Once you’ve entered university, you will rapidly understand how hard it is to make plans with friends. Assignments, lectures, tutorials, work … they all get in the way of being social and prevent the promise of “lets catch up sometime” from becoming a reality.
After spending so much time with your high-school friends and experiencing the dreaded Year 12 with them, they seem to feel like close friends at the time. You’re always within the same school grounds at the same times and can lunch together even with different classes. But once you transition to the divergent university scheduling, it's easy to feel that those high-school friends seem so far away. Even without any particular fights, the duration spent apart undeniably causes the connection to drift apart, though when you stumble across those primal friendships, the past seems to liven up again.
As for whether or not to keep your high-school friends in conjunction with your newfound ones, it depends on you; yet it’s difficult because you meet your high-school friends before you’ve figured out who you are, and what you want. I’ve come to realise that many of my past friendships were maintained only by the time spent together, rather than the depth of friendship or things in common. The shared past memories hold those previous friendships together, yet there's always an unperturbed connection that comes back whenever you do see each other.
Uni friends, I've come to understand, are much more sparse and hard to find. But when I do, it feels like I’ve finally found my soulmates and so I work on those relations with a lot more energy, love and effort.
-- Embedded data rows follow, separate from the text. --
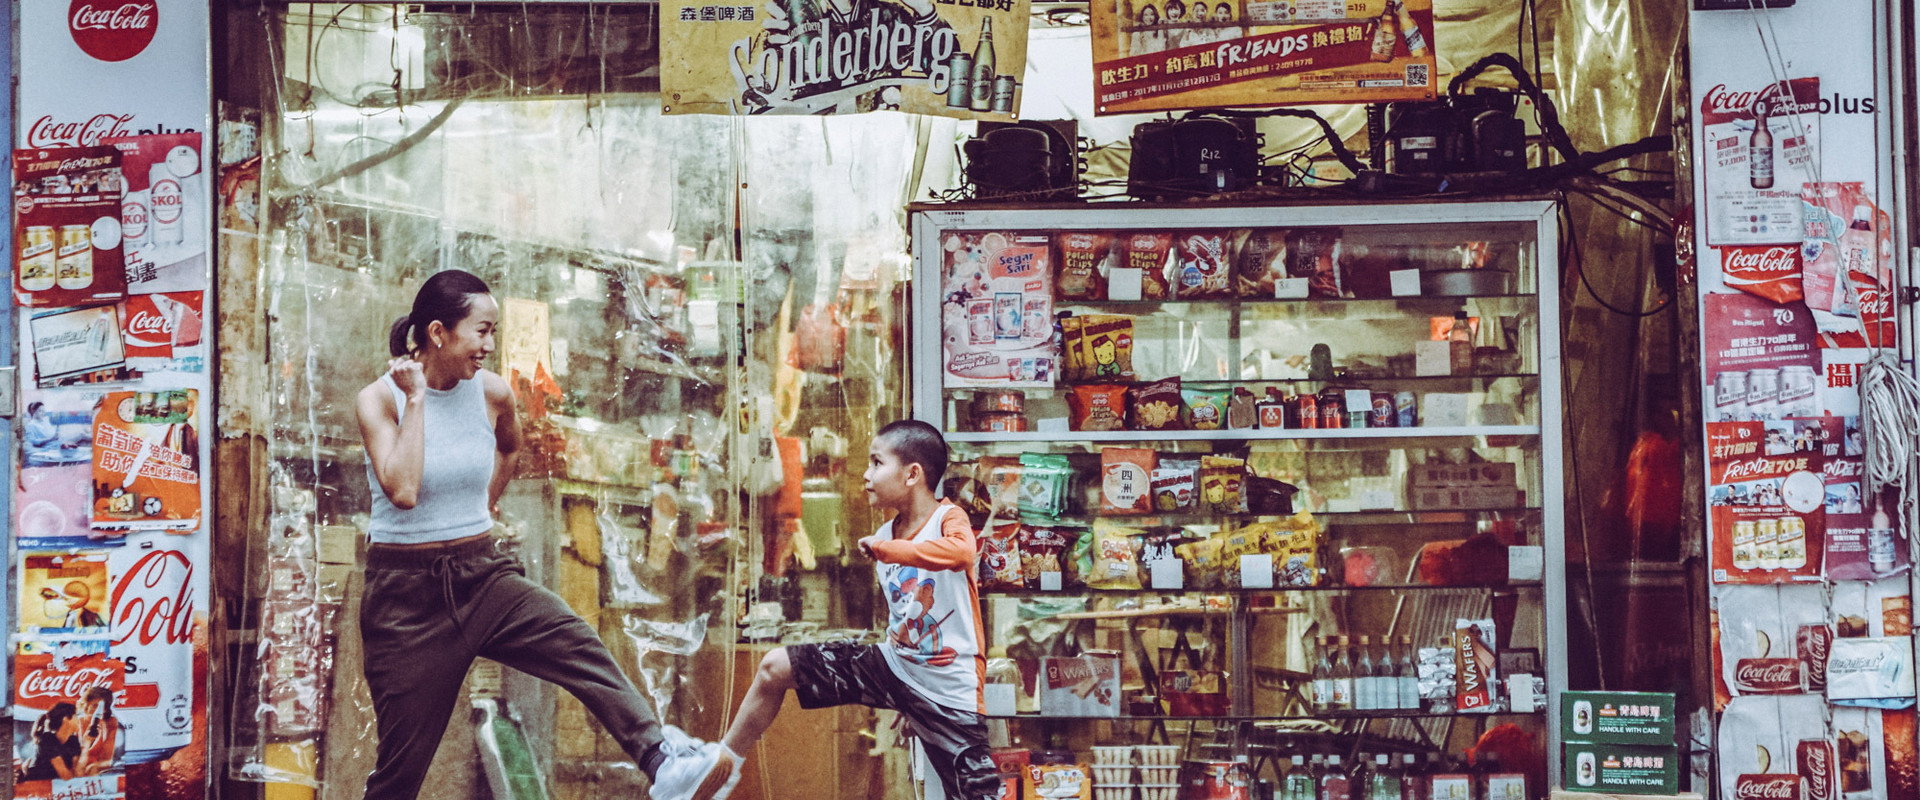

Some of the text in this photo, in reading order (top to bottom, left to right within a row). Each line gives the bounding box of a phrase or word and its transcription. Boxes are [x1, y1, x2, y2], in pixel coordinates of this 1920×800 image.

[72, 3, 153, 30] Coca-Cola
[681, 7, 754, 21] 森堡啤酒
[729, 8, 957, 97] Sonderberg
[151, 195, 182, 206] SKOL
[1000, 253, 1034, 265] Segar
[1066, 251, 1094, 260] Potato
[1130, 251, 1158, 260] Potato
[1725, 247, 1799, 272] Coca-Cola
[1007, 262, 1030, 274] Sari
[1462, 635, 1480, 692] WAFERS
[1808, 633, 1826, 685] Coca-Cola
[1737, 664, 1793, 683] Coca-Cola
[1603, 777, 1628, 785] HANDLE
[1646, 778, 1664, 786] CARE
[1737, 779, 1794, 799] Coca-Cola
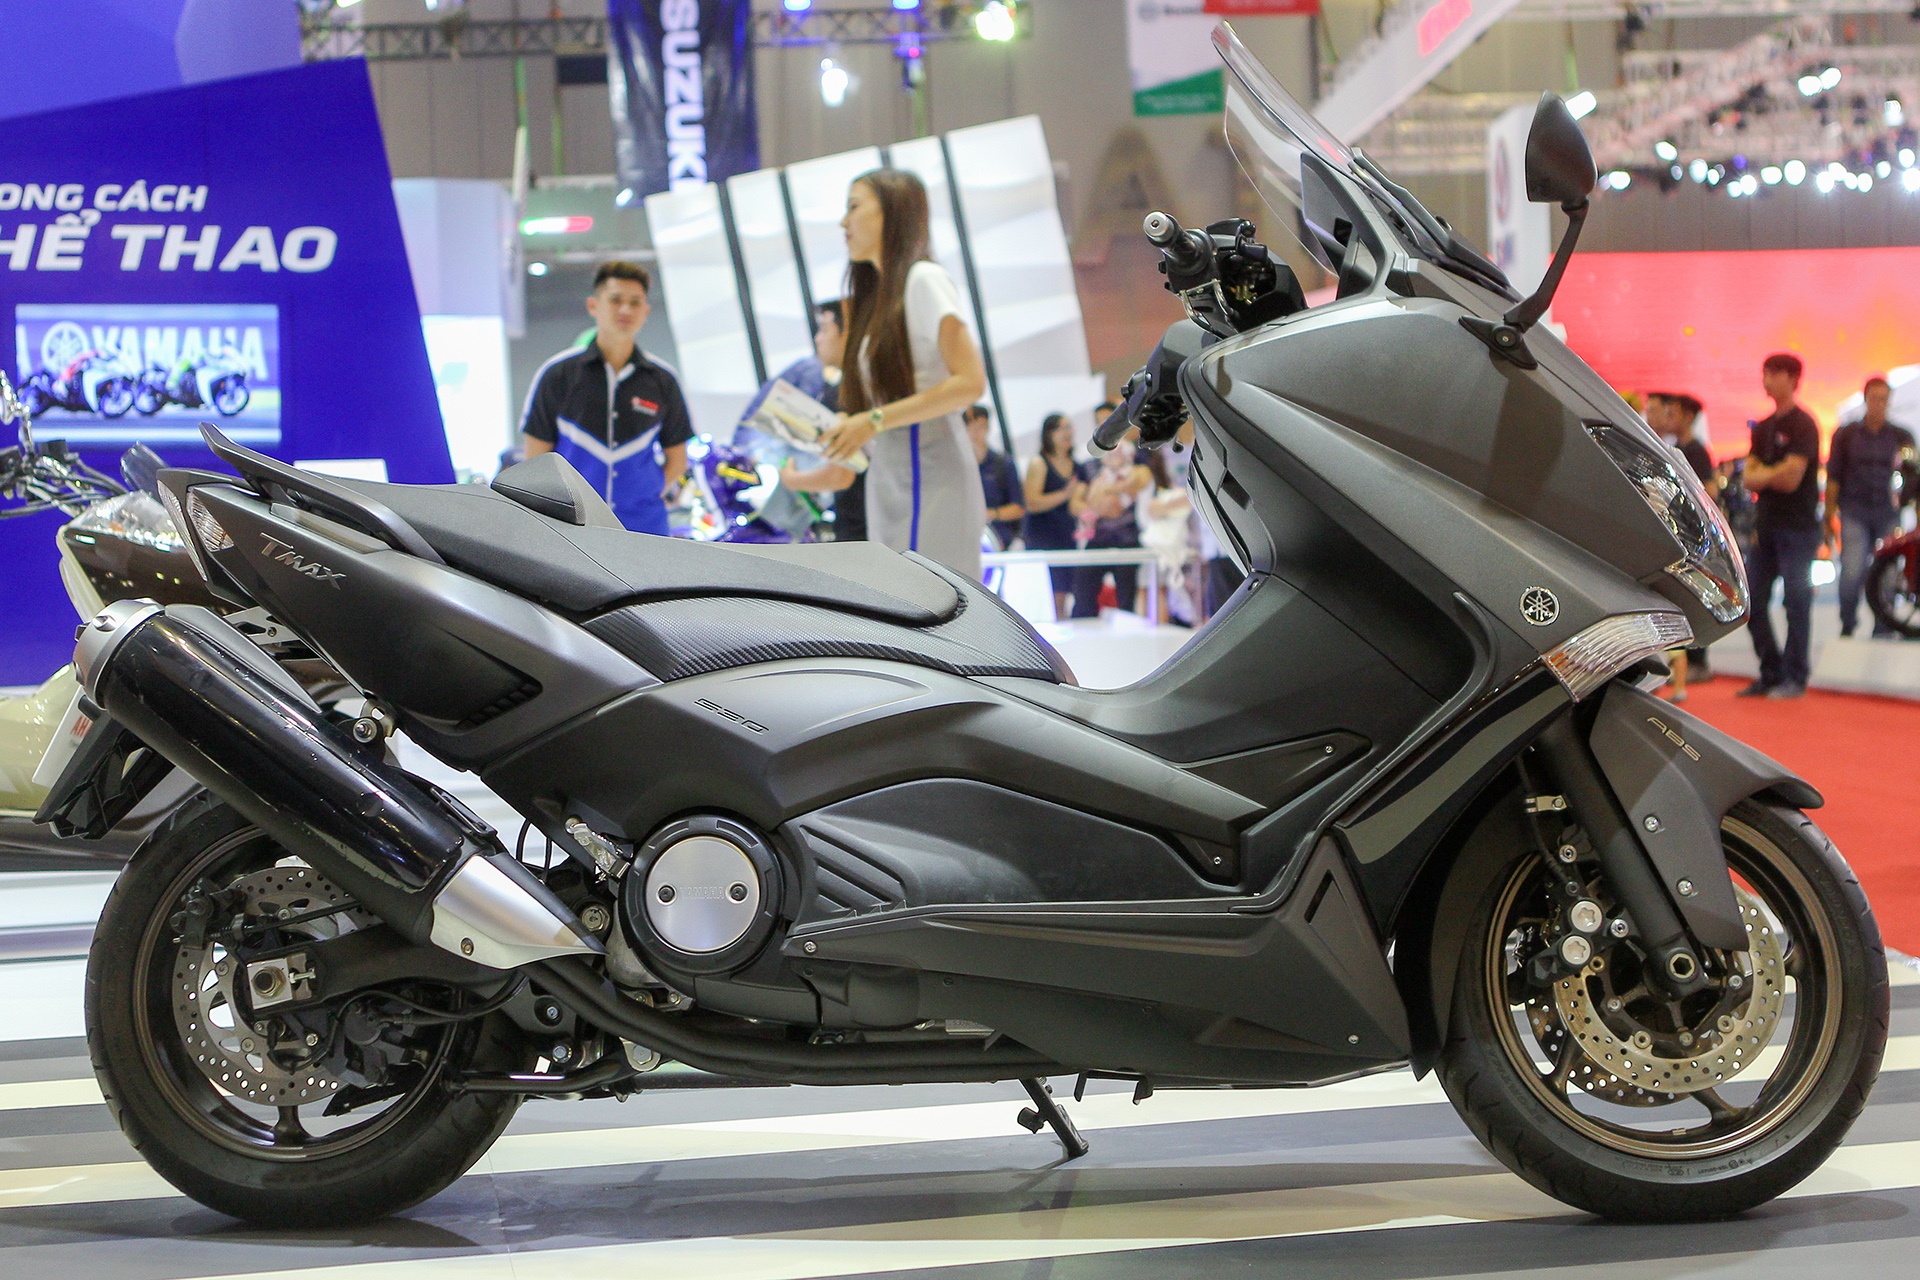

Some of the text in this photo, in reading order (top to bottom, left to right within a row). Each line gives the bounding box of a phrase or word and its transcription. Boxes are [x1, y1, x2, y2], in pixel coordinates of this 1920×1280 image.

Now I know what kind of people I want by my side, and although there may be few, I know that I have a deeper connection with and are worth my time to sustain.
Times constraints, priorities and changes in identities are an inevitable part of growing up.
Therefore, it’s 100% okay to drift from certain high-school friendships and demote them to an acquaintance-like status, and venture into new ones where you’ve chosen for yourself that you will protect. The one who needs to balance all these friendships are ultimately you, thus it is not worth spending your valuable time and effort to salvage past relationships just for the sake of it. The benefit about going to uni is being able to select your own friendships, so choose the high-school friendships that have the most significance, rather than convenience, and channel your effort on keeping the important ones.
If anything, I’ve personally felt relieved at not needing to spend my time keeping up pretences and shallow relationships. I’m not burning bridges, but rather choosing to endeavour into foreign environments. But if I ever stumble back to those familiar bridges, then consider it a small blast to the past.
Vivian He is a second-year Public Communications student, who is also completing a Diploma of Japanese. When she has time to spare, she likes to mindlessly wander through YouTube, or dance like a lunatic in her room.